Task description:
Would you please repeat the data exactly as given?

─── Dataset excerpts

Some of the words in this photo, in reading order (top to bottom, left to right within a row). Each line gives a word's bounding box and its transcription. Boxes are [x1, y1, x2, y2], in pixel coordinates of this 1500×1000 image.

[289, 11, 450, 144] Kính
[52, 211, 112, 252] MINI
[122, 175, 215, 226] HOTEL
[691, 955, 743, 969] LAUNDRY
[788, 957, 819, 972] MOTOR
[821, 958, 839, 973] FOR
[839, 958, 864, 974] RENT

──────

Answer to the exercise:
Some of the words in this photo, in reading order (top to bottom, left to right within a row). Each line gives a word's bounding box and its transcription. Boxes are [x1, y1, x2, y2], in pixel coordinates of this 1500×1000 image.

[289, 11, 450, 144] Kính
[52, 211, 112, 252] MINI
[122, 175, 215, 226] HOTEL
[691, 955, 743, 969] LAUNDRY
[788, 957, 819, 972] MOTOR
[821, 958, 839, 973] FOR
[839, 958, 864, 974] RENT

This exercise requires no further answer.